*** Opening Data extract ***

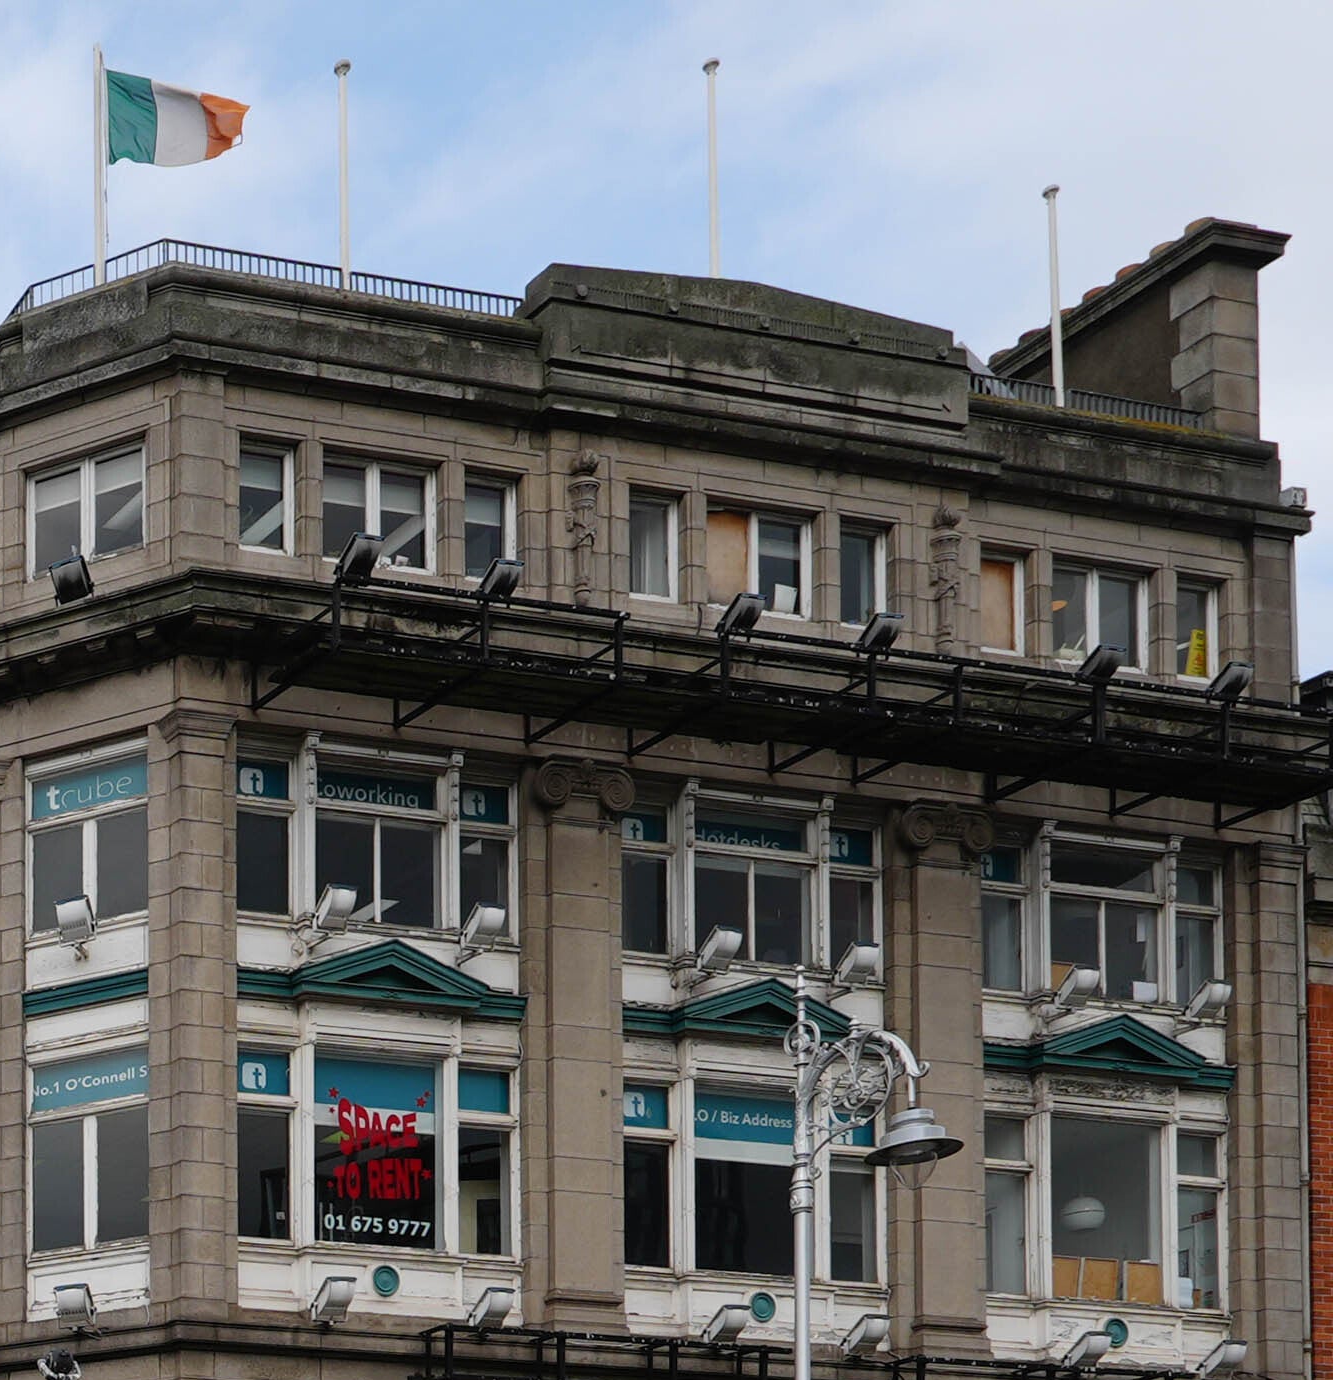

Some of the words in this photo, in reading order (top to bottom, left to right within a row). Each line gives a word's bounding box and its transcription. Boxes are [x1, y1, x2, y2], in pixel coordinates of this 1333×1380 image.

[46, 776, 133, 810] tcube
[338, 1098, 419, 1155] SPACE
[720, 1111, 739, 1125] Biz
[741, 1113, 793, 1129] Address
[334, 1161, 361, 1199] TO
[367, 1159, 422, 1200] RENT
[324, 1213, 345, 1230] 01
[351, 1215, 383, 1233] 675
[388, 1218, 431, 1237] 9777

*** Closing Data extract ***

Exercise description: A faithful, complete copy of the entries is required, without the pictures.

Reply:
Some of the words in this photo, in reading order (top to bottom, left to right within a row). Each line gives a word's bounding box and its transcription. Boxes are [x1, y1, x2, y2], in pixel coordinates of this 1333×1380 image.

[46, 776, 133, 810] tcube
[338, 1098, 419, 1155] SPACE
[720, 1111, 739, 1125] Biz
[741, 1113, 793, 1129] Address
[334, 1161, 361, 1199] TO
[367, 1159, 422, 1200] RENT
[324, 1213, 345, 1230] 01
[351, 1215, 383, 1233] 675
[388, 1218, 431, 1237] 9777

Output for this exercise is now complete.